You can reduce many questions about writing your novel to just two:
1. Do
readers want to experience this as a live-time scene?
2. Do
readers want these contextual details, and if so, earlier, now, or later?
Tip: Question
what your readers want, and when. It won’t make you clairvoyant. It will
improve your ability to meet reader needs.
1. Start
with scenes.
Novels can’t survive without them. What must they
accomplish?
~ Direct access to the characters.
Sol
Stein, in Stein on Writing, reminds
us that “scene happens in front of the reader, is visible, and therefore
filmable.”
~ Lack of resolution.
According to Jack M. Bickham in
Scene & Structure, scenes are for
characters struggling toward their goals, not for achieving those goals.
~ Psychological
change.
Author and writing coach
Jessica Page Morrell says that scenes change characters. Unless there’s enough
pressure to force that, maybe it shouldn’t be a scene?
2. Connect
your scenes.
Background
and context are the glue that sticks scenes together.
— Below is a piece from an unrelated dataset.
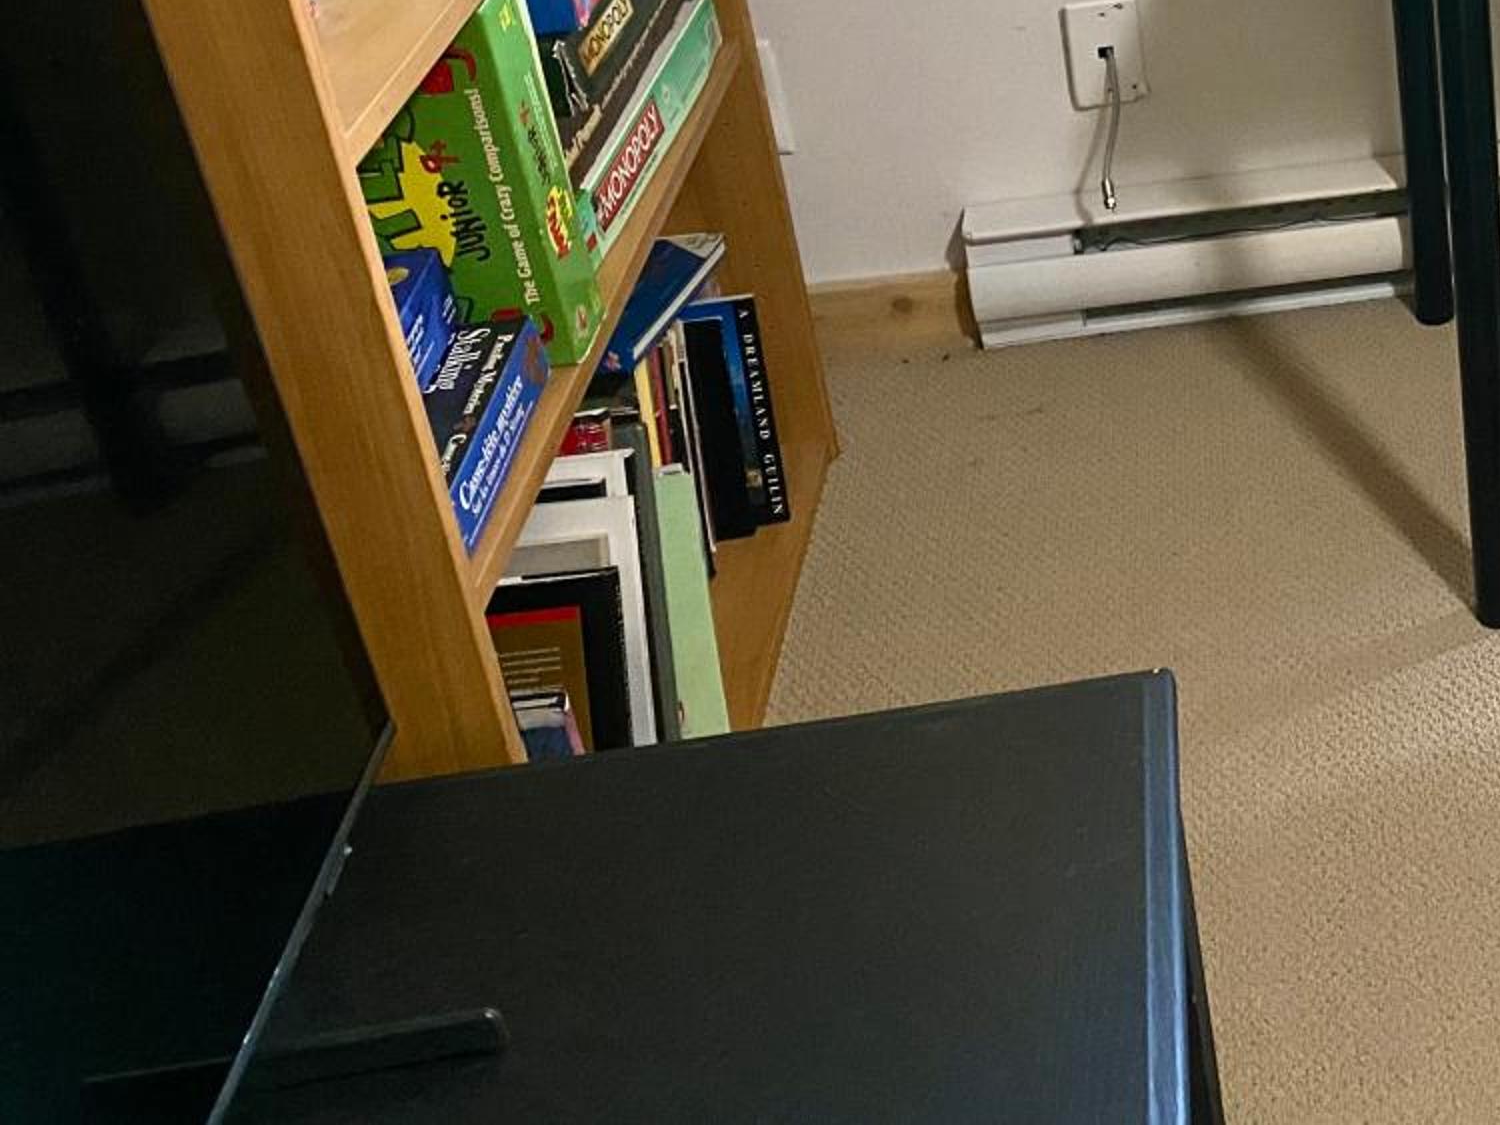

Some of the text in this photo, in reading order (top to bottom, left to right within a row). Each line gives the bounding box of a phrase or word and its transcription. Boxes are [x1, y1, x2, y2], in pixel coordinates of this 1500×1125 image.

Readers want who, what,
where, when, and why, and neither so early that the information seems cluttered
and irrelevant, nor so late that they’re already confused. It’s all in the strategy.
~ Connect details to what’s happening in the novel right now.
Sometimes
you have to delve into the past. Always use that to escalate present-time tension.
~ Disperse gradually.
Info
dumps, if they belong anywhere at all, are for textbooks. Respect reader
attention span.
~ Keep action prominent.
Sense
of place is crucial, but not necessarily as the start to every chapter. A hook
pulls in the reader while reminding the writer where the scene is going.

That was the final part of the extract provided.